Business stories from the past week, compiled by Jason Maywald:

1) Robert Priestley resigns from ASX board

JP Morgan Australian chairman Robert Priestley has resigned from the board of sharemarket operator ASX and from the Future Fund board of guardians saying a cartel case being pursued by the competition regulator could prove to be a “distraction”.

Investment banks Citi and Deutsche Bank, and their client ANZ, are facing criminal charges regarding alleged cartel activity related to the sale of ANZ shares following a botched capital raising in 2015.

JP Morgan was a joint lead underwriter on the share sale, but has been granted immunity.

“I am very conscious of the unique role that the ASX plays at the heart of Australia’s financial marketplace, and with all of its participants,” he said in a statement.

“There has been considerable interest in the ACCC banking matter which may become a potential distraction for the ASX and my board colleagues.


2) Amazon Prime customers in Australia to be hit wiht two day delivery times

Australian consumers signing up for Amazon Prime will have to wait two days for delivery rather than the same-day or next-day service offered in most countries.

Amazon’s premium offering launched in Australia on Tuesday with a monthly subscription of $6.99 or $59 a year, and a $4.99 a month introductory offer.
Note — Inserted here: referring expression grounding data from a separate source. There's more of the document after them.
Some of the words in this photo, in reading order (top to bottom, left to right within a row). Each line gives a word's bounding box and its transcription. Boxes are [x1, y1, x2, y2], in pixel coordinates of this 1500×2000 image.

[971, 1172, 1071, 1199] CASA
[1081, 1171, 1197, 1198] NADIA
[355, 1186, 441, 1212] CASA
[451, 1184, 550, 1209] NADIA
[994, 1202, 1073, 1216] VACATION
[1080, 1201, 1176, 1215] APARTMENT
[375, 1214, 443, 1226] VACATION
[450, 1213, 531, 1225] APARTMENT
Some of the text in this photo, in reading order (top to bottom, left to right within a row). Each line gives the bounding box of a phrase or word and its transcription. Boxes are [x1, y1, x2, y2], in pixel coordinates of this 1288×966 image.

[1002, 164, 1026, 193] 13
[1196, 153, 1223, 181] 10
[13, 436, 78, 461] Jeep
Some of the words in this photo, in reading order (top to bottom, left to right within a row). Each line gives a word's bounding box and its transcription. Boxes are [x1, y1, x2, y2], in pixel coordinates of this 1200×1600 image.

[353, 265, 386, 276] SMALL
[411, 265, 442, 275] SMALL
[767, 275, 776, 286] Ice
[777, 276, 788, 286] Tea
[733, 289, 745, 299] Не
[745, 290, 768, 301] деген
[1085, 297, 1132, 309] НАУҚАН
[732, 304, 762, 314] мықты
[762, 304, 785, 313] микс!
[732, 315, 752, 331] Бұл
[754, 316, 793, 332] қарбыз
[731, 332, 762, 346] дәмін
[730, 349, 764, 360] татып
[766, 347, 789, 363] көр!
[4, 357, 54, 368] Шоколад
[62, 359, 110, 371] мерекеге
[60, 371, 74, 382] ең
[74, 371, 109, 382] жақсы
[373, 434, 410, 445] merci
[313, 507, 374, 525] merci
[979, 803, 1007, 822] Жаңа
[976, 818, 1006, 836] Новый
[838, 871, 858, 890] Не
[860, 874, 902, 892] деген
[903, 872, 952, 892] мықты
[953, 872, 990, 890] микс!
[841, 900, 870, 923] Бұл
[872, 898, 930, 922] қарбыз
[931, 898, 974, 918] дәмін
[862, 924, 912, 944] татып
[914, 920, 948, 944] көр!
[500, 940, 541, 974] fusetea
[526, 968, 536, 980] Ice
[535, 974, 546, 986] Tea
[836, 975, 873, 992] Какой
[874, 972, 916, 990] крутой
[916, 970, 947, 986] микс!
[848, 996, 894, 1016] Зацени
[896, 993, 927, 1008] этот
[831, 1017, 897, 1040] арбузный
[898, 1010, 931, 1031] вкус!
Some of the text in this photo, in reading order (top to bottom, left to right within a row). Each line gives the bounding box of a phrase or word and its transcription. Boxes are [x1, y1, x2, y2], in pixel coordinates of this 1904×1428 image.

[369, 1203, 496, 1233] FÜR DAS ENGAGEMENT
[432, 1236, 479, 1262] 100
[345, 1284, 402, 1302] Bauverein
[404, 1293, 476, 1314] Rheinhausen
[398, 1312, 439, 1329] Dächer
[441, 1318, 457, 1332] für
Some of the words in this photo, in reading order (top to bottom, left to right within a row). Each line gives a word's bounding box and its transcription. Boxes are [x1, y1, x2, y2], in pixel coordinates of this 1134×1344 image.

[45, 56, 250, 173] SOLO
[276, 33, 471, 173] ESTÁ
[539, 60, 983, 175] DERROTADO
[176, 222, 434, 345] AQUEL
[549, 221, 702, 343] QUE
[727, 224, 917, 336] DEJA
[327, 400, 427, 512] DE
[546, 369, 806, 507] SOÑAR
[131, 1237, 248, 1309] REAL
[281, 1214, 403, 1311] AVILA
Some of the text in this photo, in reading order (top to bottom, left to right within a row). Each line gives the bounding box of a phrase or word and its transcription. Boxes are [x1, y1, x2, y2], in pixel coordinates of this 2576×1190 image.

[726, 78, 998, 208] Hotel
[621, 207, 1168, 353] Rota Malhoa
On the US site, an annual membership is $US119 ($160) a year, with free same-day and one-day delivery to major cities when spending over $US35.

The launch of Amazon Prime comes after the ecommerce giant recently blocked Australians from shopping on its international websites blaming the government’s new GST rules on online purchases.


3) Karbon raises $7m to target MYOB

A start-up accounting practice management software company backed by Blackbird Ventures has raised $7 million, and plans to pounce on the opportunity created by the recent failure of incumbents MYOB and Reckon to merge.

Karbon, a cloud-based software-as-a-service provider in a market still dominated by legacy desktop-based products, has surpassed 1000 clients since it was founded in 2014 by Stuart McLeod and John Freeman, who sold Xero, their online payroll provider, in 2011 and then fronted the Kiwi company’s early efforts to break the US.

Karbon is based in San Francisco and 55 per cent of its revenues are from US mid-tier accounting firms, but about half its 20 staff are in a Sydney product development office and about 35 per cent of revenue derives from Australia.

Mr McLeod said MYOB’s withdrawal in May from its $180 million offer to buy the accounting practice management business of Reckon – once it became apparent the Australian Competition & Consumer Commission would block the merger anyway – offered it revenue opportunities.


4) BridgeClimb Sydney loses contract to Harbour Bridge

Sydney’s BridgeClimb experience is about to change after the company lost the contract to work on the world famous Harbour Bridge.

BridgeClimb had been operating on the bridge for 20 years, until today when the NSW Roads and Maritime Services (RMS) announced their time had come to an end.

BridgeClimb has reportedly lost the lucrative $50 million contract to Scenic World.

The operators of Scenic World in the Blue Mountains, the most visited privately- owned tourist attraction in Australia, has been awarded the 20-year contract.

In a statement today, BridgeClimb Sydney’s Chairman and founder Paul Cave thanked every Climber and customer who had gone through the iconic experience.


5) Concerns over future of ABC

The Turnbull Government is scrambling to rule out any sell-off of the ABC after the Liberal party membership voted in favour of privatisation on the weekend.

On Saturday, the Liberal federal council passed a motion with a two-to-one majority calling on the coalition to sell off the ABC, except in regional areas.

The government has not supported the motion, which was reportedly supported by a majority of the 110 delegates by a show of hands.

Government frontbencher Josh Frydenberg backed Saturday’s assurance from Treasurer Scott Morrison that the government had no plans for privatisation.

“The Liberal party membership are entitled to their views and are as frustrated as we are from time to time about the coverage on the ABC,” Mr Frydenberg told Sky News on Sunday.

“But the reality is this is an iconic national institution which will remain in the public’s hands.”